- Origin: Las Vegas, Nevada, U.S.
- Genres: Alternative rock
- Years active: 2007-present
- Labels: None
- Members: Tim Beck Mark T. Zeilman Jackie Pope Pj Perez
- Past members: Richard Espe Peter Stauber
- Website: www.asyetunbroken.com

= As Yet Unbroken =

American alternative rock band

As Yet Unbroken is an American alternative rock band from Las Vegas, Nevada. Formed in late 2007, the current members of the band are Tim Beck (vocals), Mark T. Zeilman (bass), Pj Perez (guitar) and Jackie Pope (drums). The band describes its sound as "bridging punk rock energy with addictive melodies and aggressive rhythms."

==Band history==
After going through a string of guitarists, the band made its public debut at a battle of the bands competition in Las Vegas in 2008. As Yet Unbroken won the first round and went on to finish second in the regional semi-finals.
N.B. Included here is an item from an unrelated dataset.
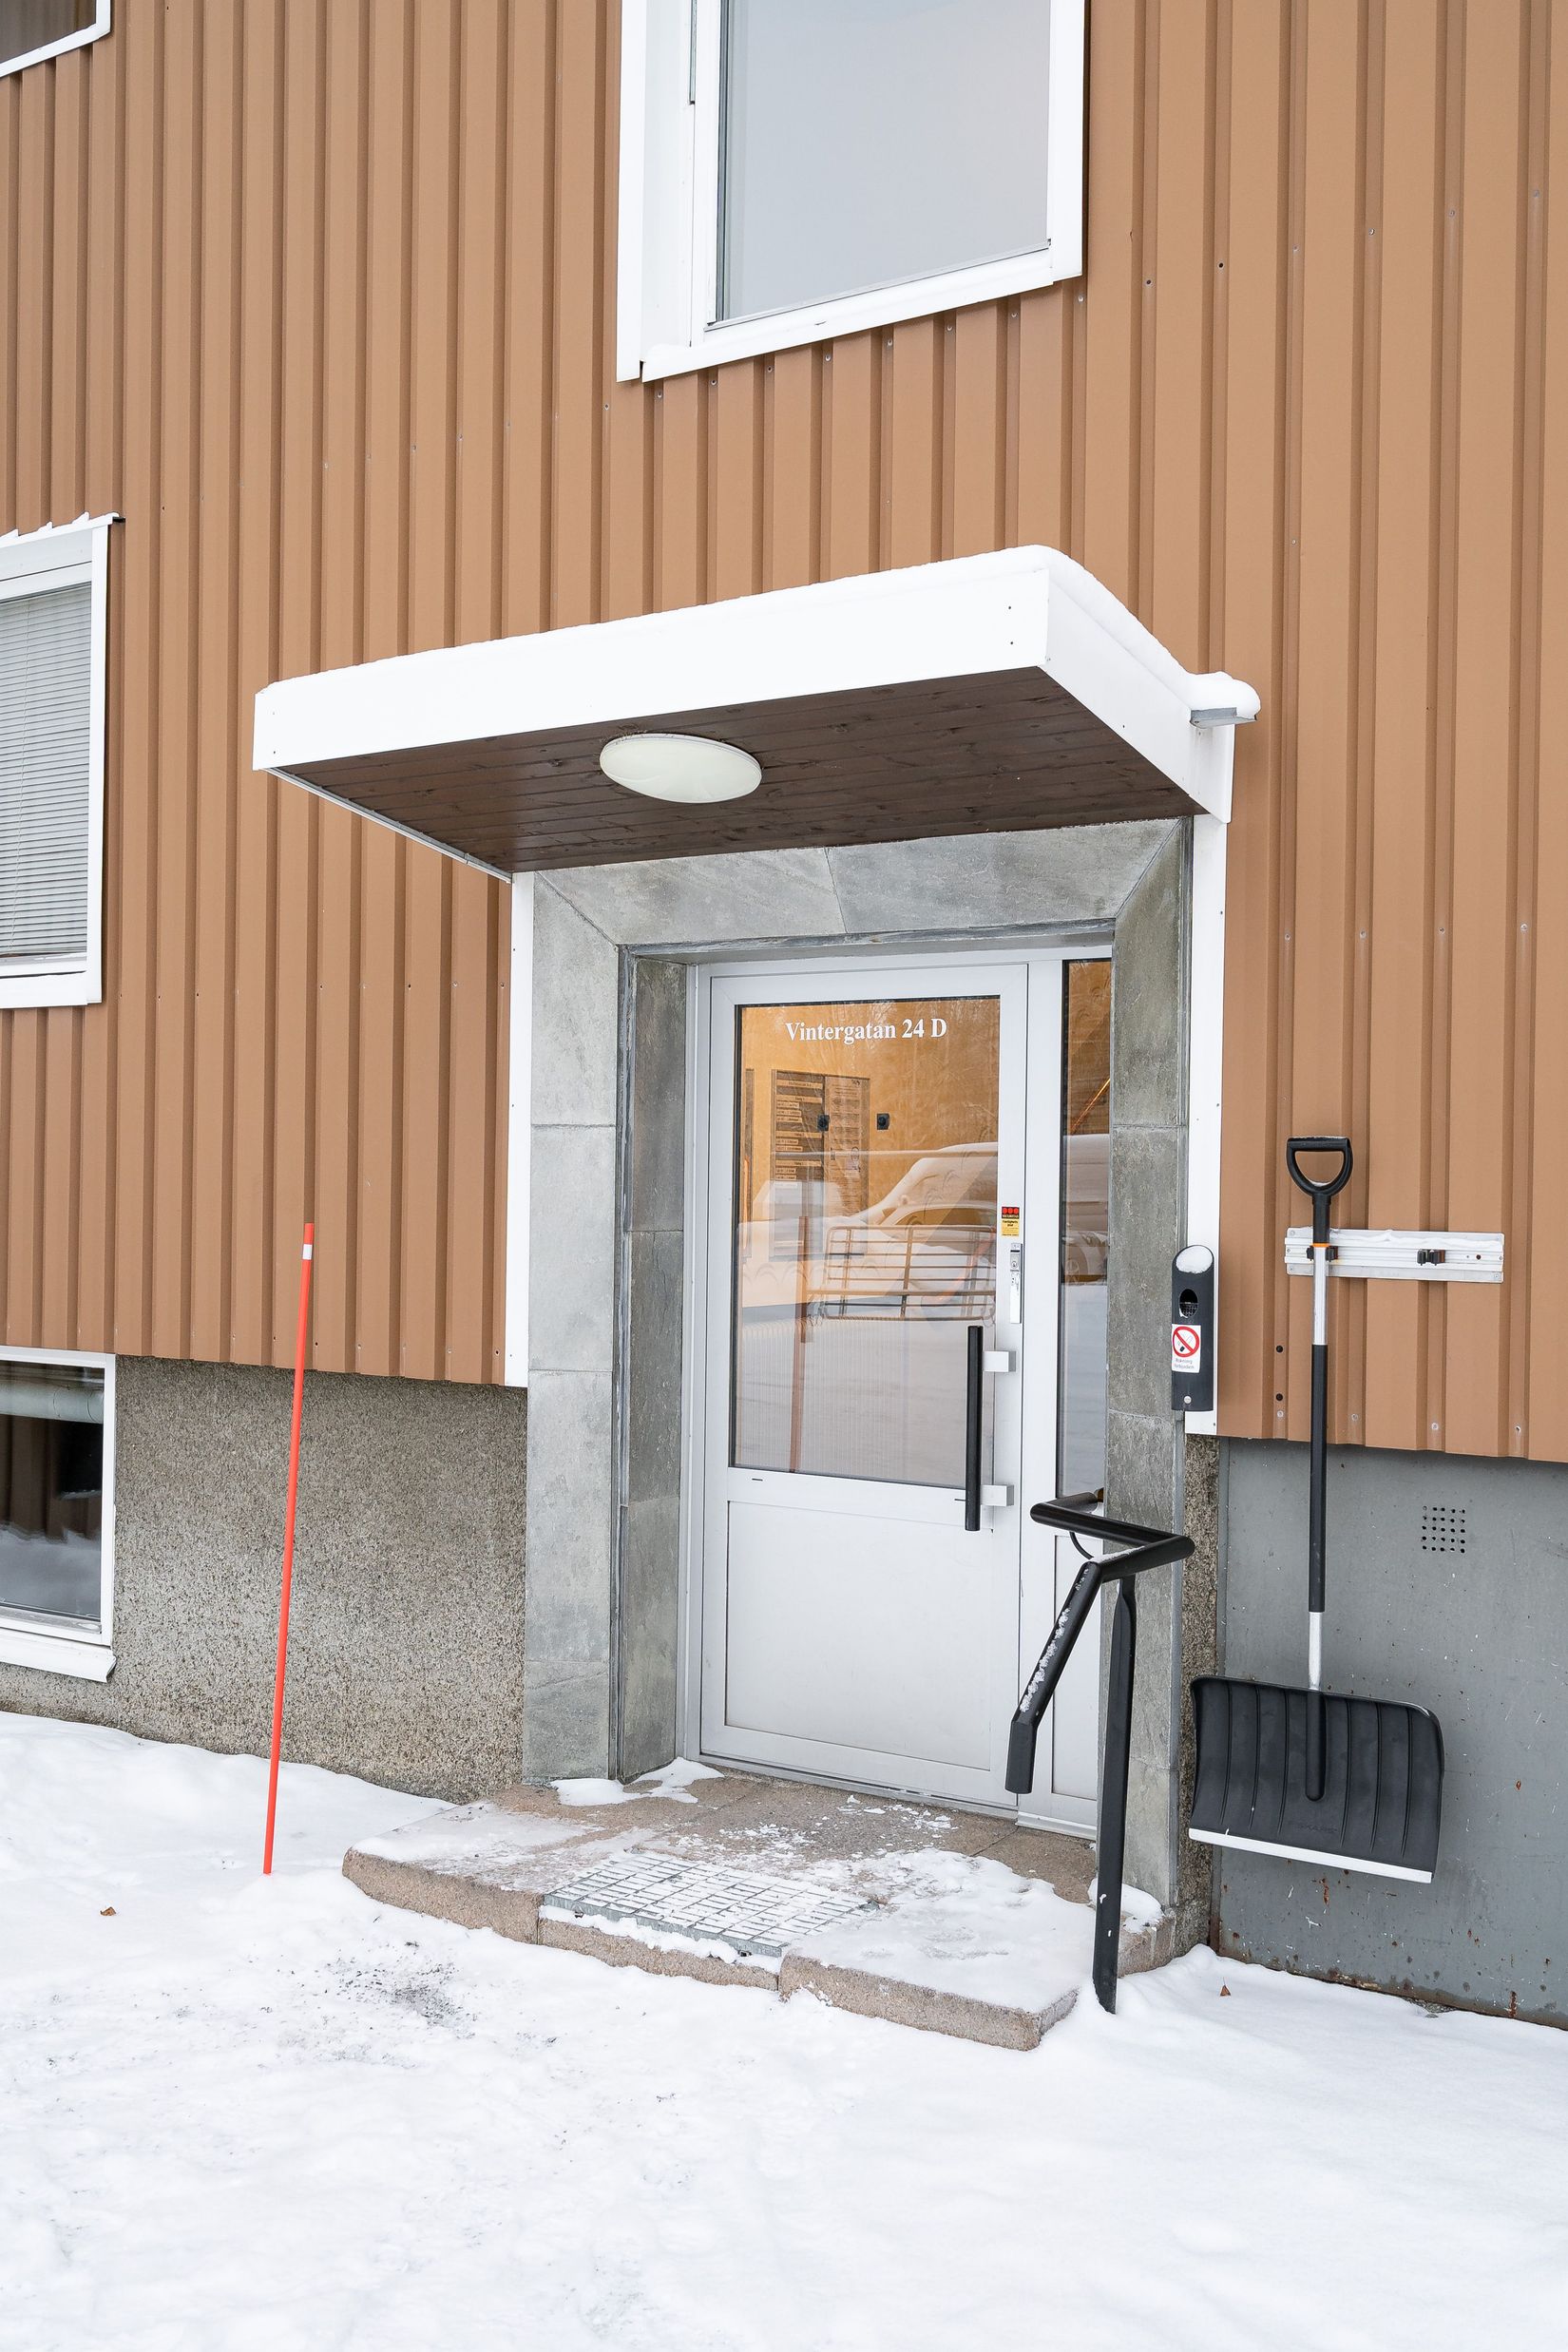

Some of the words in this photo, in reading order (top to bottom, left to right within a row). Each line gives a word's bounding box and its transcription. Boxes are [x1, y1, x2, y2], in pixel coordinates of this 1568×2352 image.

[785, 1021, 896, 1045] Vintergatan
[902, 1018, 925, 1039] 24
[930, 1018, 947, 1038] D
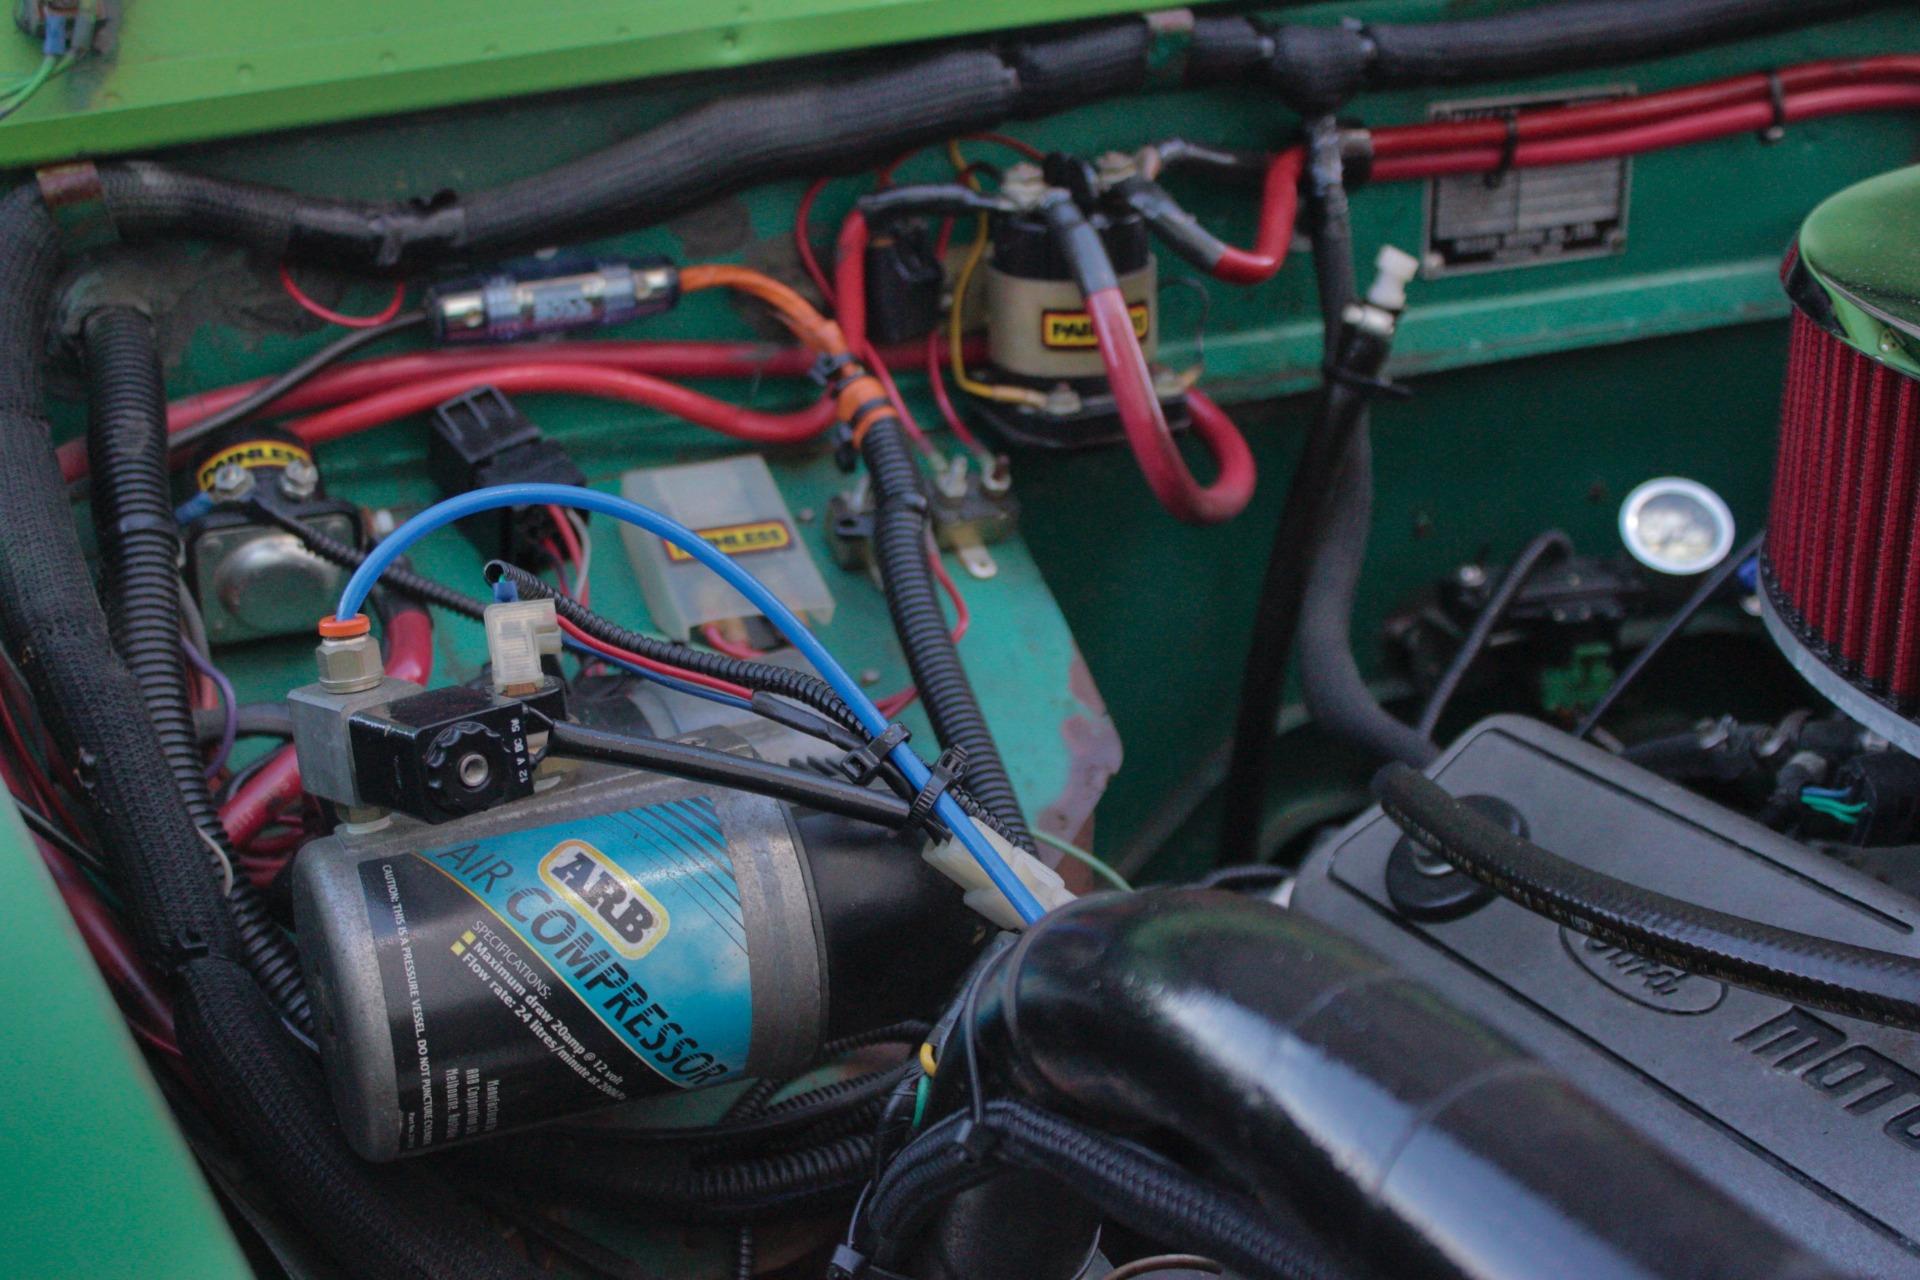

Since then, the band has self-released a three-song EP, from which the title song, "Alone," has been played on radio stations such as Las Vegas' Area 107.9-FM. As Yet Unbroken's songs have also been the top downloaded MP3s numerous times at the Las Vegas Weeklys website. Guitarist Peter Stauber joined the group in early 2010. Currently, Perez has switched from drums to guitar and Jackie Pope has taken over on drums.